Assignment ->
Copy each of the entries below faithfully, setting aside any pictures.
_ _ _ _ _
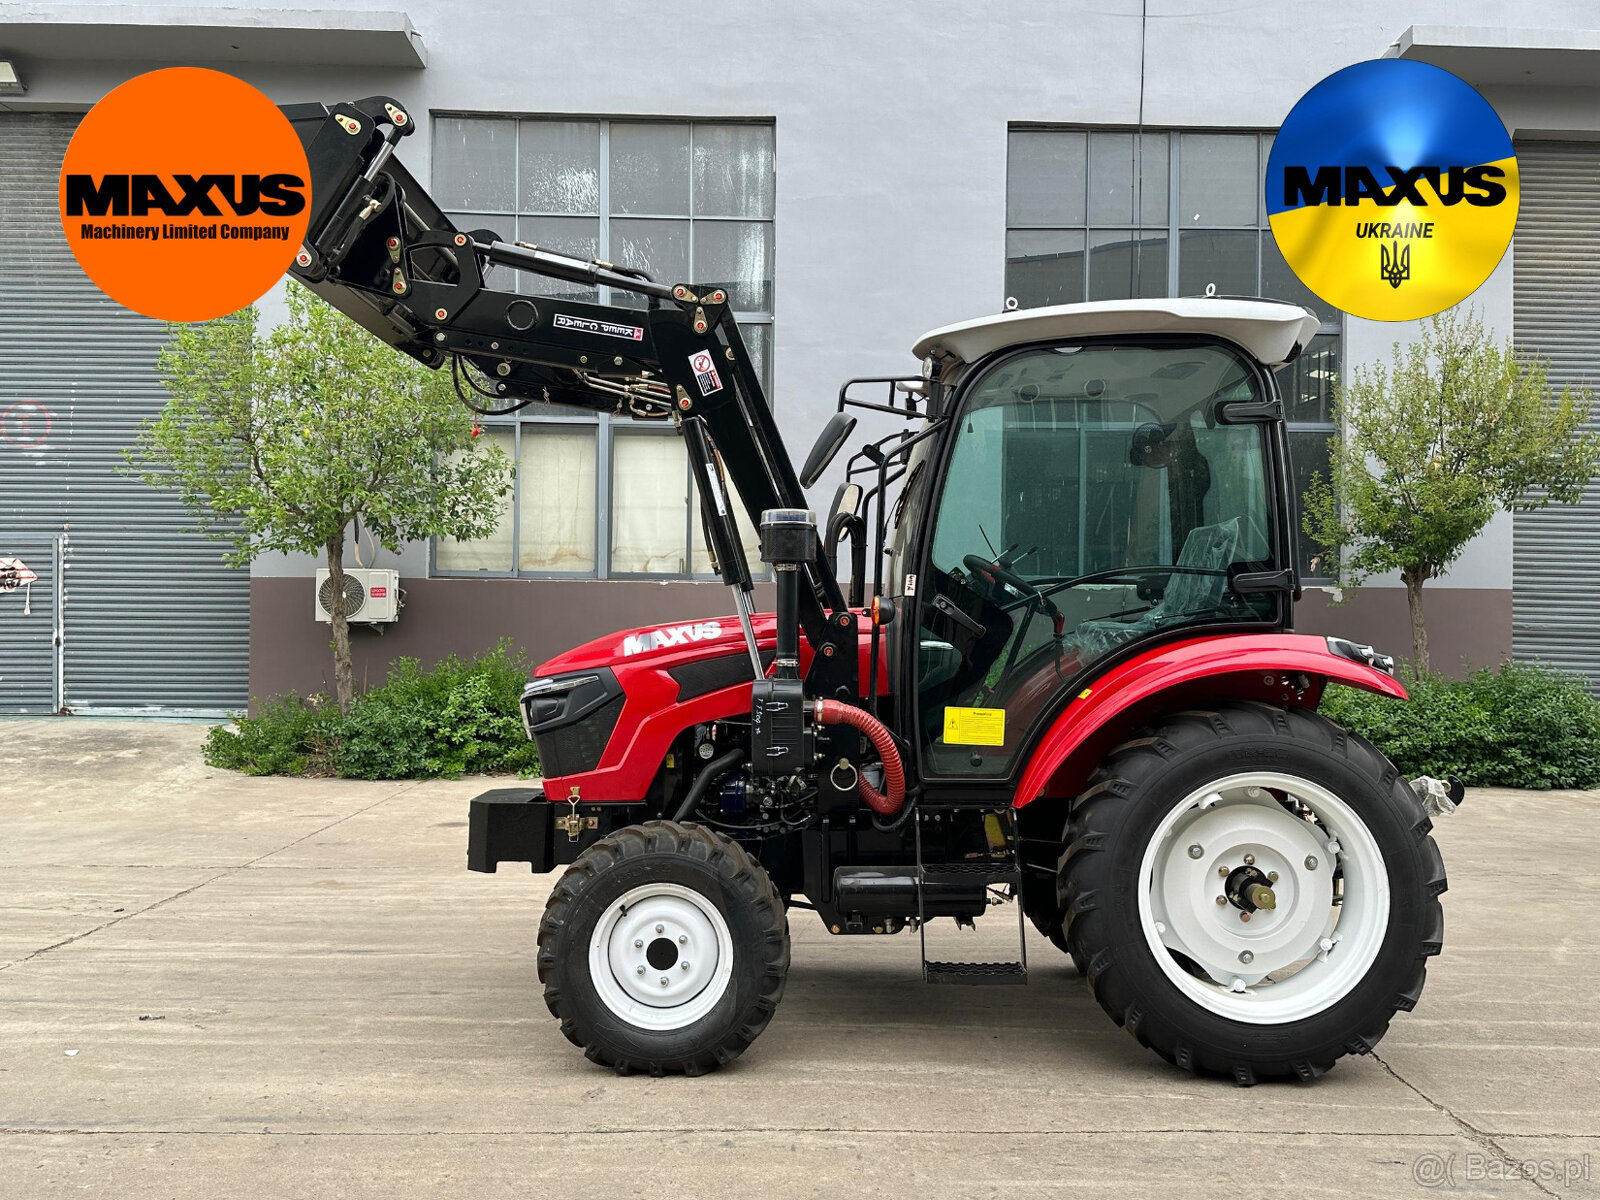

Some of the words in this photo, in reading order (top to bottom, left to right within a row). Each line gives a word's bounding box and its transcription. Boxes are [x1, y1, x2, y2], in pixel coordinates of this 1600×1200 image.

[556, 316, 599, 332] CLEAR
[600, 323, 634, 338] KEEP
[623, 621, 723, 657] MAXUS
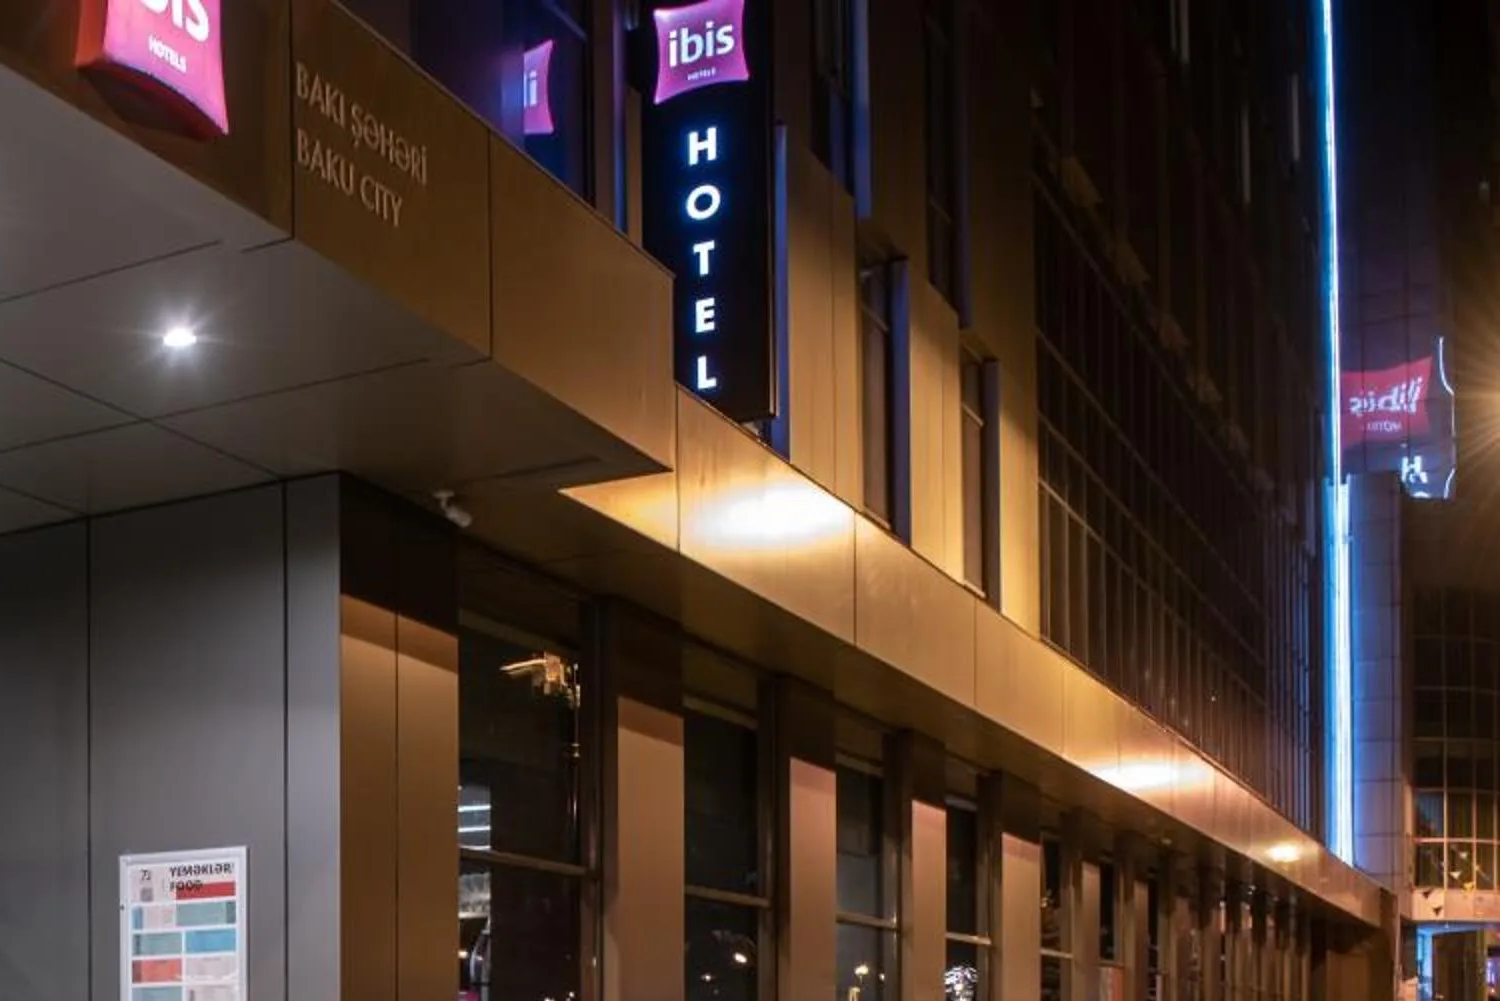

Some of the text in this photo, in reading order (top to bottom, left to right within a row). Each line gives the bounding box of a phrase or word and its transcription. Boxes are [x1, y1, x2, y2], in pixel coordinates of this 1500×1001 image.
_ _ _ _ _
Task solution ->
Some of the words in this photo, in reading order (top to bottom, left to right within a row). Each line gives a word's bounding box and its transcription. Boxes are [x1, y1, x2, y2], in pixel coordinates of this 1600×1200 image.

[556, 316, 599, 332] CLEAR
[600, 323, 634, 338] KEEP
[623, 621, 723, 657] MAXUS

Some of the text in this photo, in reading order (top to bottom, left to right within a row). Each line gives the bounding box of a phrase or word and its transcription. Boxes are [x1, y1, x2, y2], in pixel coordinates of this 1500×1001 image.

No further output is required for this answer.